Expertos palestinos han dicho que Hamas ahora busca establecerse como los verdaderos defensores de los palestinos contra Israel, y como una voz más contundente que el Fatah de Abbas.

Netanyahu dijo que cuando Hamas “vio que estas elecciones no iban a tener lugar, buscó incitar disturbios, incitar a la violencia, con el fin de promover sus objetivos políticos”.

Insinuó que Hamas también fue responsable de una escalada de disturbios en el área de Sheikh Jarrah, en el este de Jerusalén, donde una acción de colonos israelíes para desalojar a algunas familias palestinas de sus hogares ha alimentado meses de ira.

Y culpó a los islamistas por los enfrentamientos en Al-Aqsa, que fue asaltada por las fuerzas de seguridad israelíes en respuesta al lanzamiento de piedras palestinas durante el mes sagrado de Ramadán.

“Debo decir que no esperábamos una gran conflagración”, dijo Netanyahu.

“Lo que hicimos fue todo lo que estuvo a nuestro alcance para reducir el potencial conflicto en torno a Jerusalén y el Monte del Templo”, agregó, utilizando el término judío para el complejo de Al-Aqsa, que también es un sitio sagrado para los judíos.

Cese del fuego

 

Aseguran que Israel y el grupo terrorista Hamas están más cerca de una tregua.

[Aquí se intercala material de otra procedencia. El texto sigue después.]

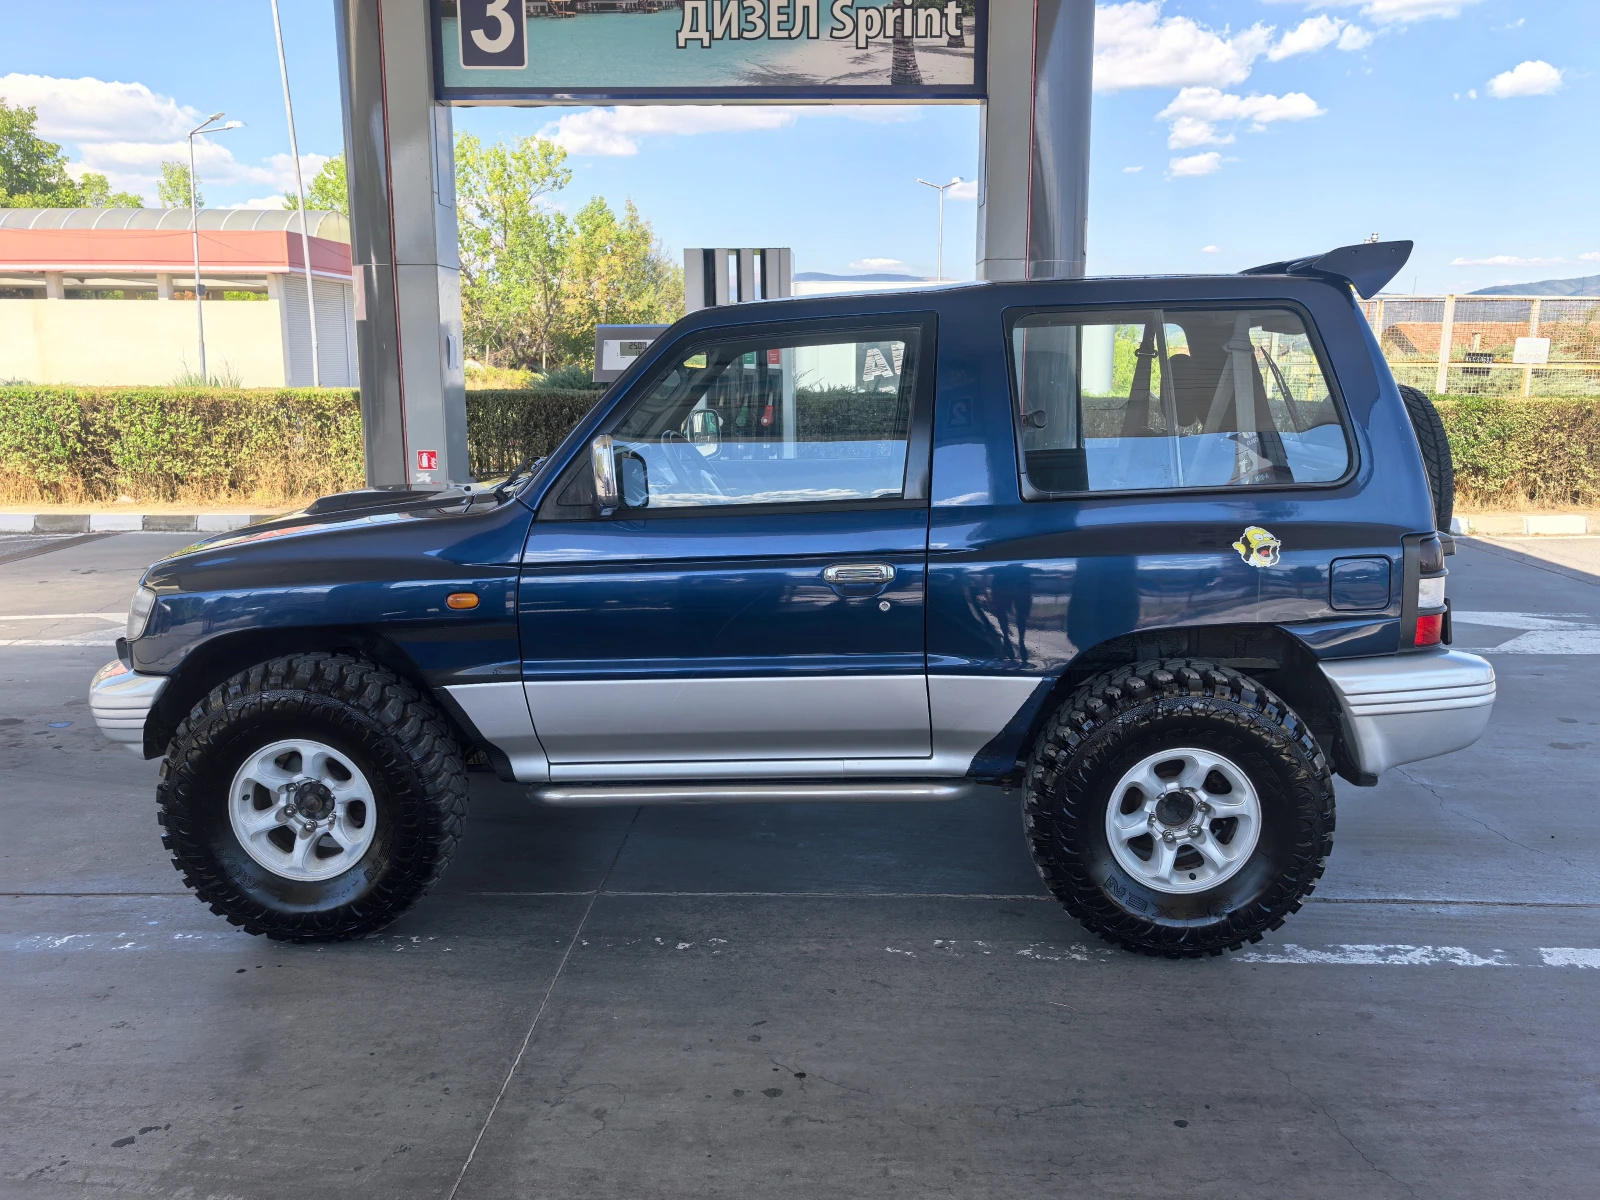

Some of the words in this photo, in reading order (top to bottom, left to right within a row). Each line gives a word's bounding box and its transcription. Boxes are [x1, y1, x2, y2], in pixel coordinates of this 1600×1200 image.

[470, 0, 515, 53] 3
[676, 0, 820, 49] ДИЗЕЛ
[829, 0, 965, 49] Sprint

Distintos medios de comunicación israelíes señalaron que se produciría dentro de dos o tres días.

En el marco de una creciente presión internacional para que se declare un cese de las hostilidades entre Israel y el terrorismo palestino en la Franja de Gaza, diversos medios israelíes reportaron este martes -en su mayoría sin citar fuentes- de que, efectivamente, se espera un alto el fuego dentro de dos o tres días.

Según el diario Haaretz, un alto funcionario israelí dijo que la tregua entraría en vigor el jueves. “No hay un resultado decisivo y no lo habrá. Todos estamos cansados”, afirmó la fuente anónima.

La cadena de televisión Channel 12 citó “informes extranjeros” que dicen que el primer ministro israelí Benjamin Netanyahu informó a Washington que está dispuesto a un alto el fuego a partir del jueves. Un informe anterior decía que Egipto propuso una tregua a partir del jueves a las 6 de la mañana, y que el grupo terrorismo Hamas aceptó la oferta.

“No puedo desmentir ni confirmar los rumores sobre una propuesta de Egipto de un alto al fuego a partir del jueves a las seis de la mañana”, dijo este martes Fawzi Barhum, portavoz del grupo terrorista Hamas, en diálogo con un grupo de periodistas en un hospital de la Ciudad de Gaza.

“Hasta ahora no recibimos ninguna información sobre un ofrecimiento de un alto al fuego”, agregó Barhum, quien sugirió que la difusión de esta información por parte de un canal opositor al primer ministro, Benjamin Netanyahu, puede ser un intento “de presionarlo ante la opinión pública israelí”.

Consultada por EFE sobre un posible alto al fuego, la oficina de Netanyahu no ofreció comentarios.

La actual escalada bélica, que alcanzó este martes su novena jornada, ha dejado hasta ahora un saldo de al menos 217 palestinos muertos y 12 en Israel.

Si bien este martes no cesaron los disparos de cohetes desde el enclave (que ya superan los 3.300 en estos nueve días) ni los bombardeos israelíes, se redujo la frecuencia de los ataques, que se dieron de forma más espaciada y con menor intensidad.

En simultáneo con la violencia entre el Ejército israelí y las milicias de Gaza, miles de palestinos se manifestaron este martes en distintas ciudades de Cisjordania en rechazo a los bombardeos en la Franja y a lo que describen como políticas de colonización israelíes.

Muchas de ellas derivaron en enfrentamientos con las fuerzas de seguridad israelíes, que las describieron como “violentas protestas” y que, por primera vez en mucho tiempo, fueron atacadas por manifestantes con armas de fuego. La respuesta de las tropas a esos disparos y sus intentos de dispersión de los manifestantes dejaron un saldo de tres palestinos muertos y decenas de heridos.